▶ [Assignment]: Where a record contains an image, leave the image out and print the rest exactly.

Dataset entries

BEGIN

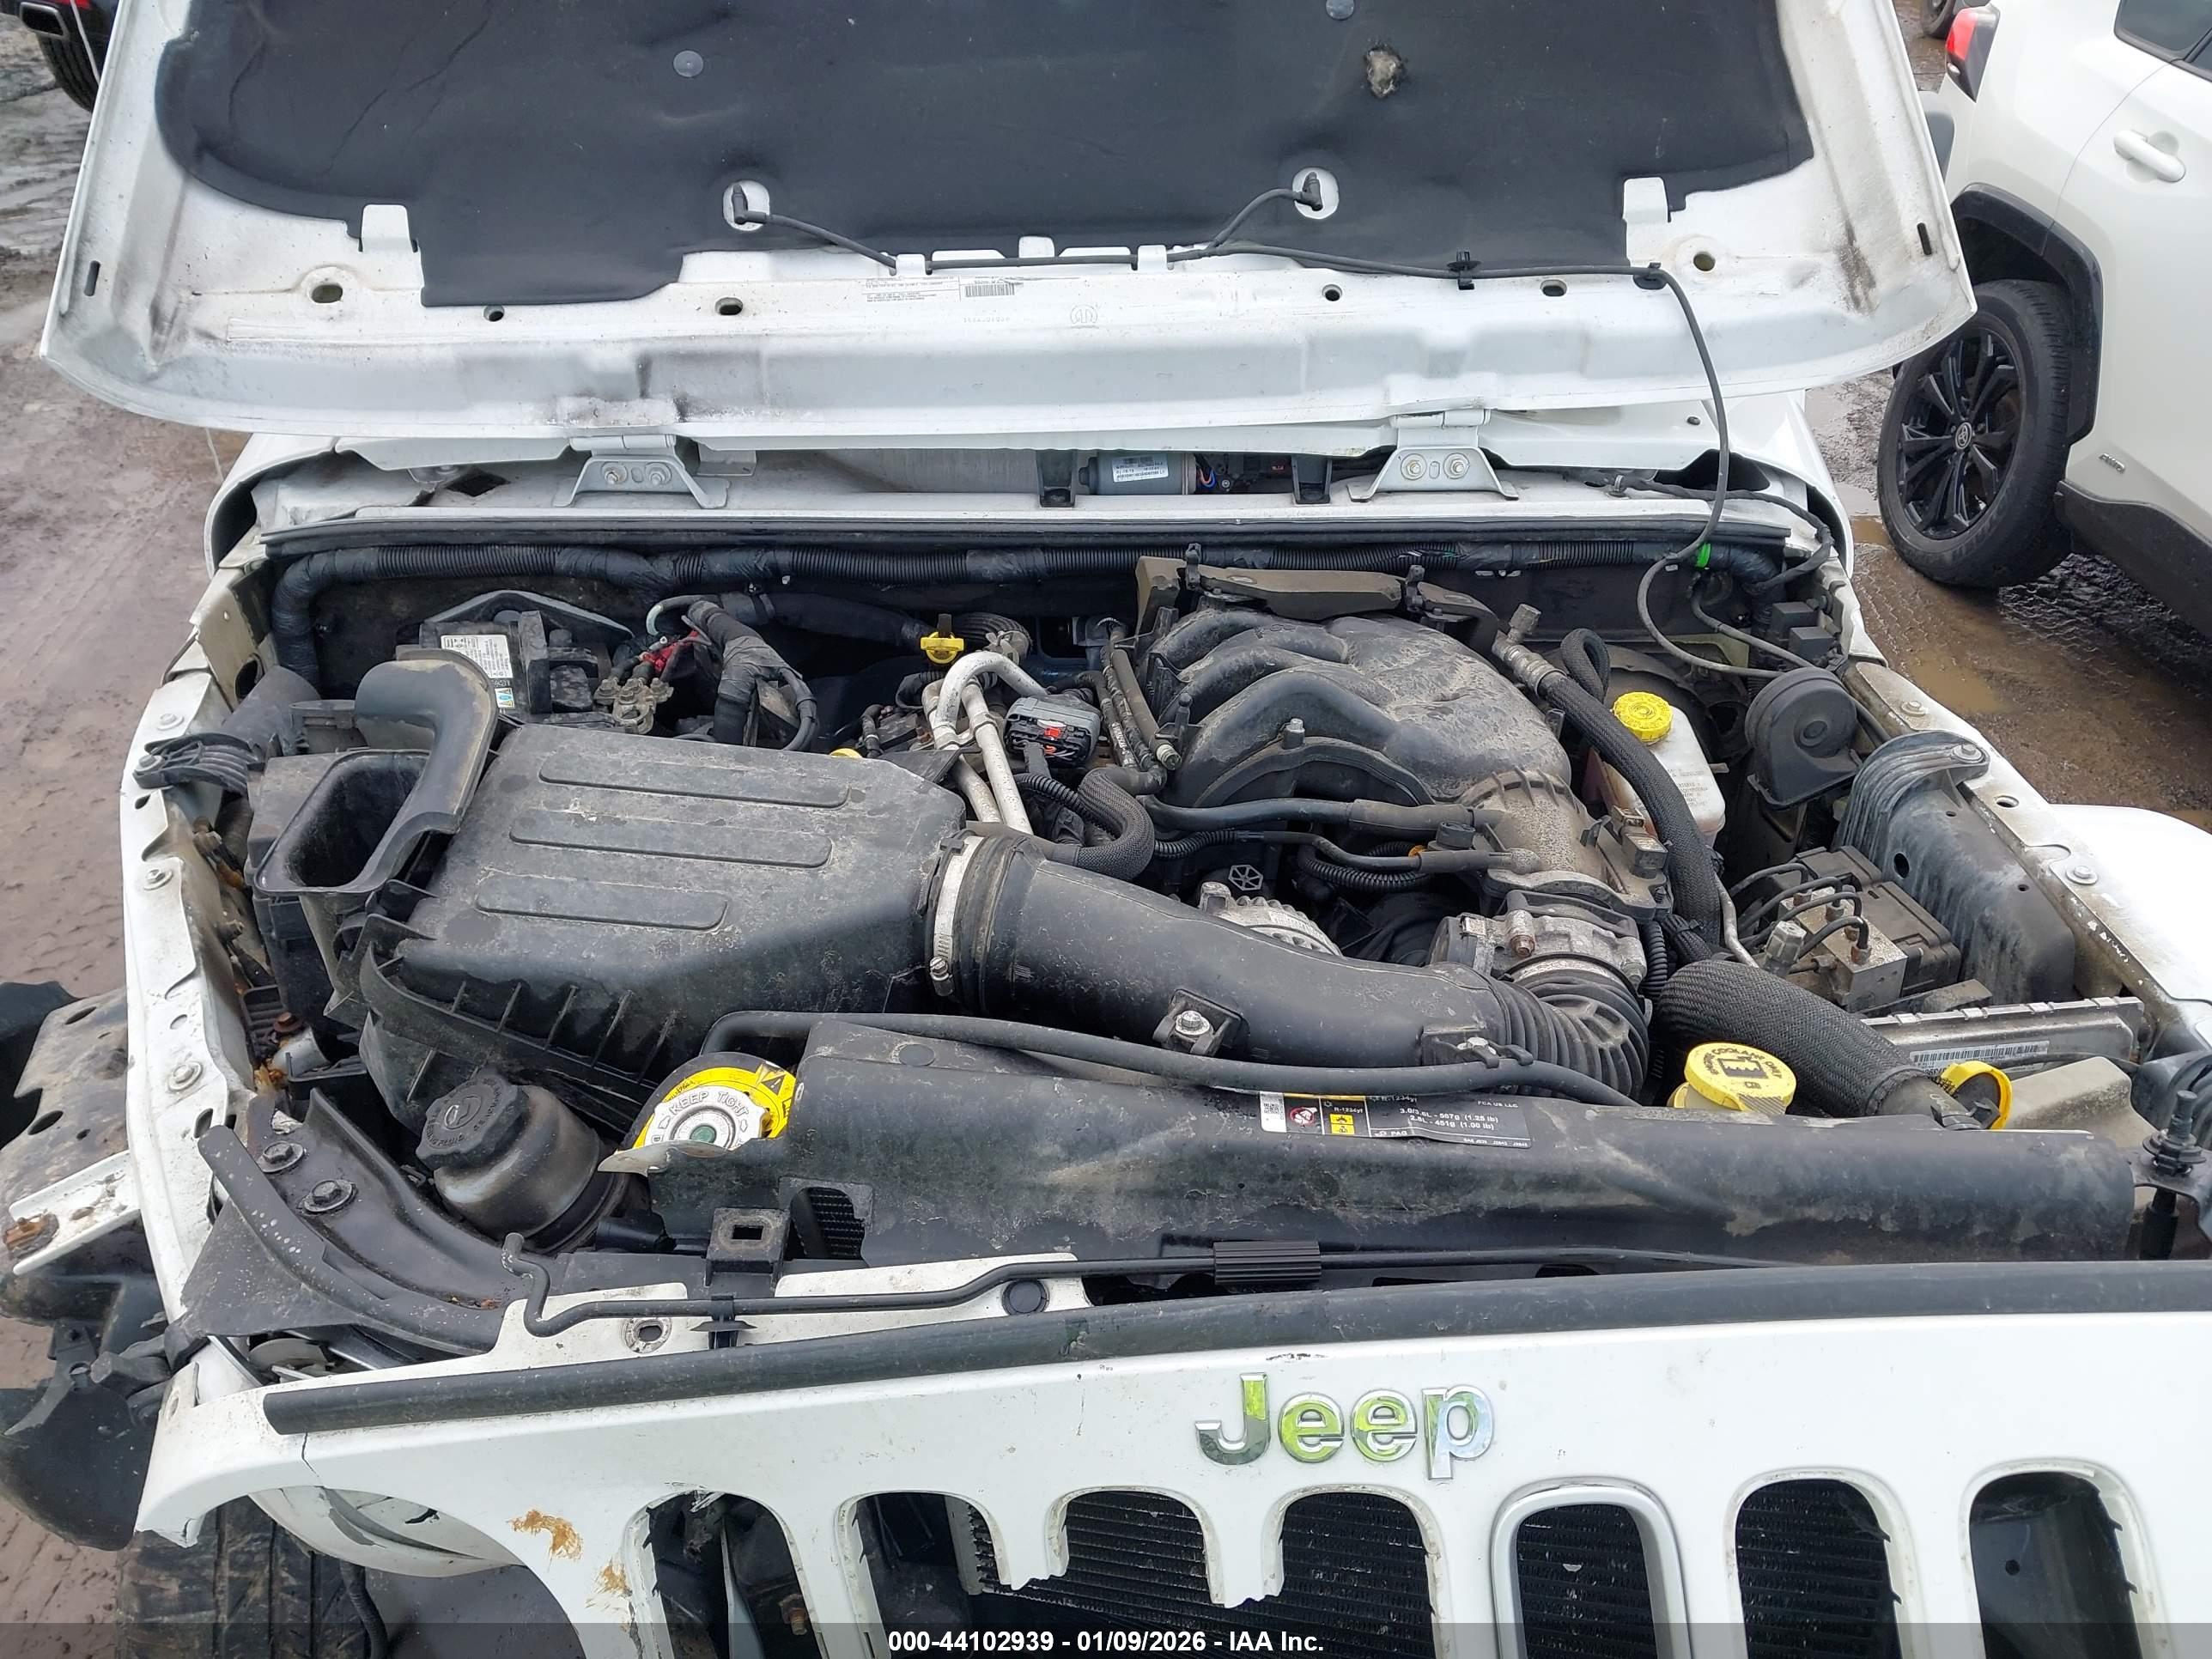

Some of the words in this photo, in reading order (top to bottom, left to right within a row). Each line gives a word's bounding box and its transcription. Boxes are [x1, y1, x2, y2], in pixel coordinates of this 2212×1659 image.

[669, 1091, 709, 1115] KEEP
[716, 1091, 750, 1116] TIGHT
[1399, 1108, 1432, 1118] 3.0/3.6L
[1486, 1115, 1498, 1124] lb)
[1434, 1120, 1456, 1128] 451g
[1460, 1121, 1481, 1129] (1.00
[1194, 1371, 1494, 1480] Jeep

END

▶ [Answer]:
Some of the words in this photo, in reading order (top to bottom, left to right within a row). Each line gives a word's bounding box and its transcription. Boxes are [x1, y1, x2, y2], in pixel coordinates of this 2212×1659 image.

[669, 1091, 709, 1115] KEEP
[716, 1091, 750, 1116] TIGHT
[1399, 1108, 1432, 1118] 3.0/3.6L
[1486, 1115, 1498, 1124] lb)
[1434, 1120, 1456, 1128] 451g
[1460, 1121, 1481, 1129] (1.00
[1194, 1371, 1494, 1480] Jeep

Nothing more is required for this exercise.